Word for word, write the records out again, but omit each picture.

'''

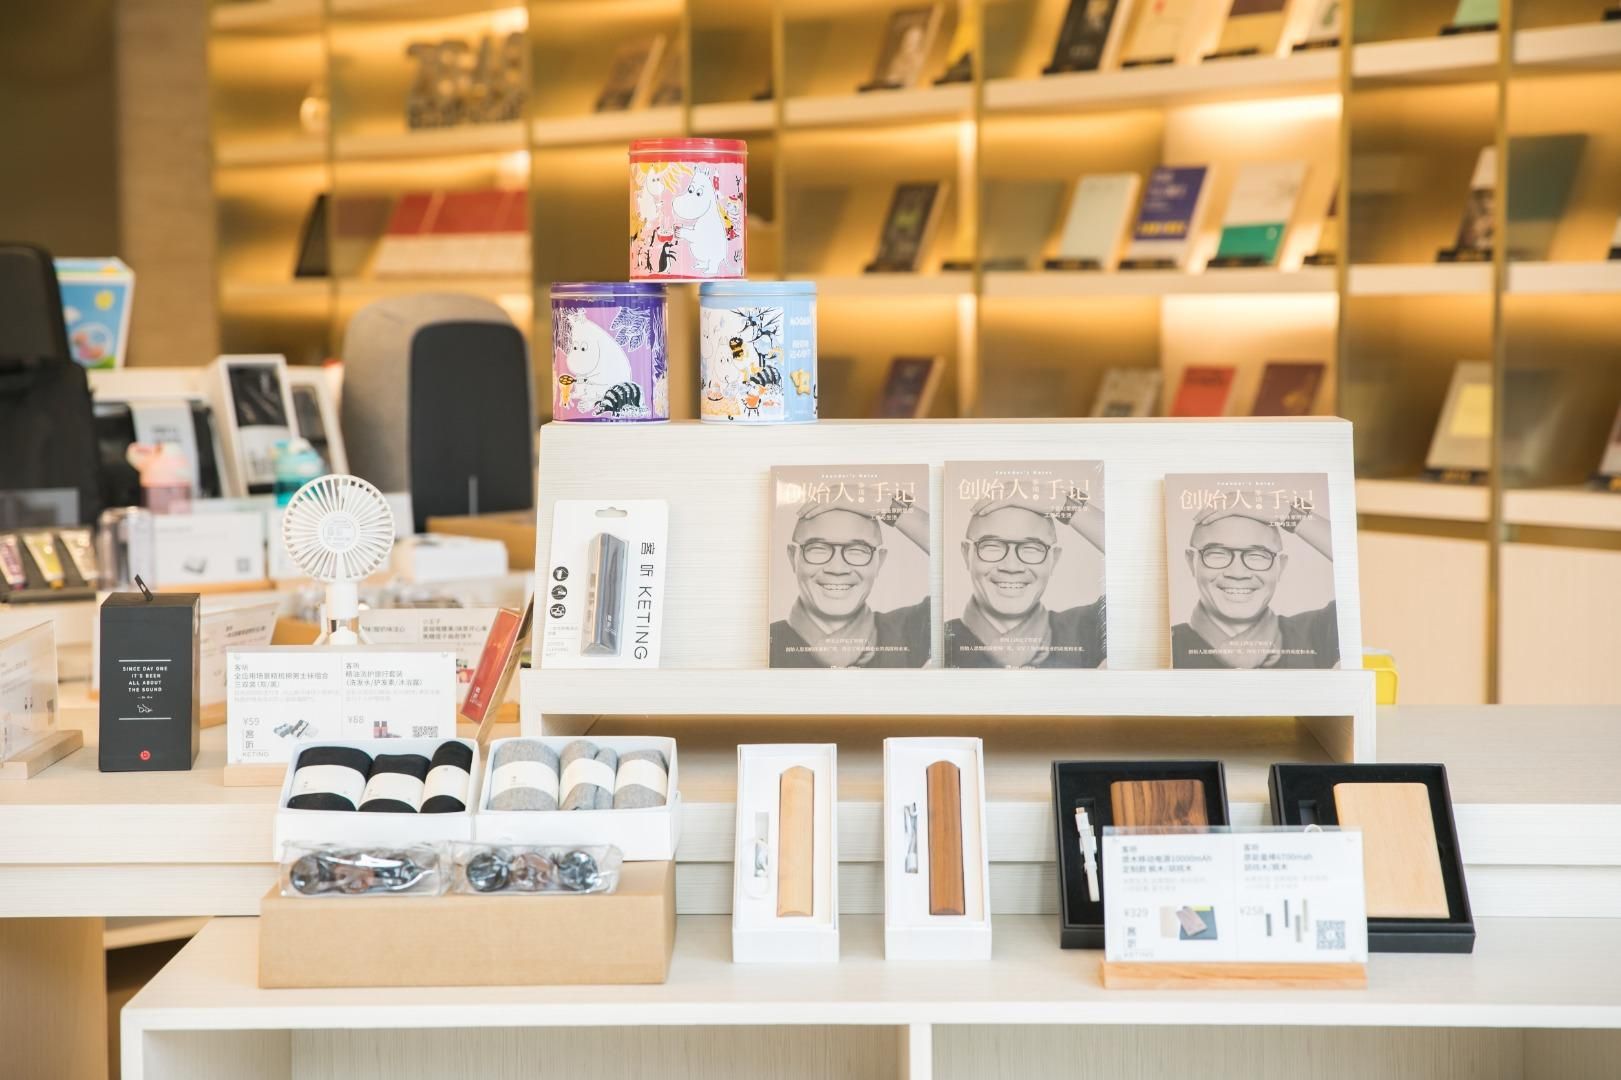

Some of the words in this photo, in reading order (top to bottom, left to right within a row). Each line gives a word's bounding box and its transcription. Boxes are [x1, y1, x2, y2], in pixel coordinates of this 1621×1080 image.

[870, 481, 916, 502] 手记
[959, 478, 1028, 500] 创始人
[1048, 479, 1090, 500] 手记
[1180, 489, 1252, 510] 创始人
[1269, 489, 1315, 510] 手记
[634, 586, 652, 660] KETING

'''

» **EXERCISE RESPONSE**:
Some of the words in this photo, in reading order (top to bottom, left to right within a row). Each line gives a word's bounding box and its transcription. Boxes are [x1, y1, x2, y2], in pixel coordinates of this 1621×1080 image.

[870, 481, 916, 502] 手记
[959, 478, 1028, 500] 创始人
[1048, 479, 1090, 500] 手记
[1180, 489, 1252, 510] 创始人
[1269, 489, 1315, 510] 手记
[634, 586, 652, 660] KETING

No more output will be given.